_Assigned task_
Leave out each picture. Repeat everything else in the records exactly.

*** Task data ***

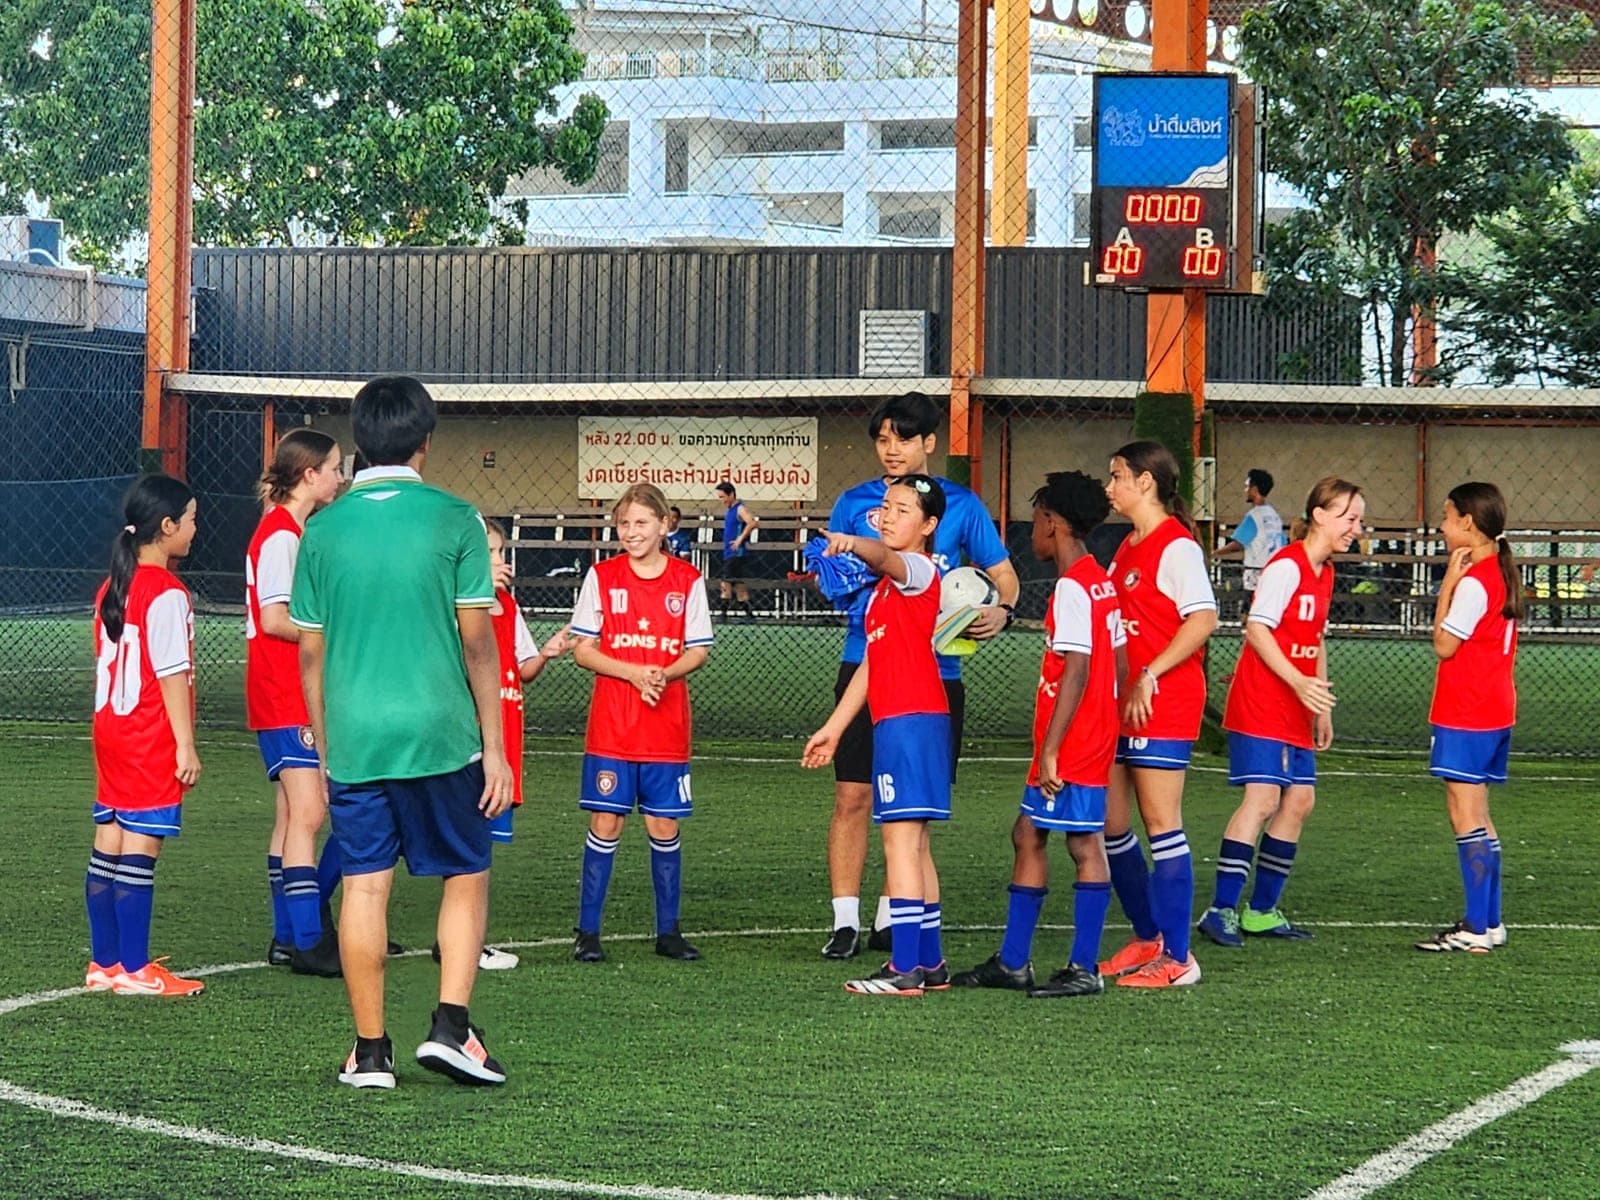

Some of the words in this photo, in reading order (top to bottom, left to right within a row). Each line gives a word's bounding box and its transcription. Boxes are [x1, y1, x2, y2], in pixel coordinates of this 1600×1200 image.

[1126, 194, 1201, 222] 0000
[1115, 227, 1135, 247] A
[1195, 228, 1215, 248] B
[1103, 247, 1141, 274] 00
[1183, 248, 1221, 275] 00
[585, 431, 610, 447] หลัง
[614, 432, 657, 446] 22.00
[609, 588, 628, 614] 10
[661, 636, 681, 656] FC
[877, 773, 896, 804] 16

*** End of Task data ***

_Response area_
Some of the words in this photo, in reading order (top to bottom, left to right within a row). Each line gives a word's bounding box and its transcription. Boxes are [x1, y1, x2, y2], in pixel coordinates of this 1600×1200 image.

[1126, 194, 1201, 222] 0000
[1115, 227, 1135, 247] A
[1195, 228, 1215, 248] B
[1103, 247, 1141, 274] 00
[1183, 248, 1221, 275] 00
[585, 431, 610, 447] หลัง
[614, 432, 657, 446] 22.00
[609, 588, 628, 614] 10
[661, 636, 681, 656] FC
[877, 773, 896, 804] 16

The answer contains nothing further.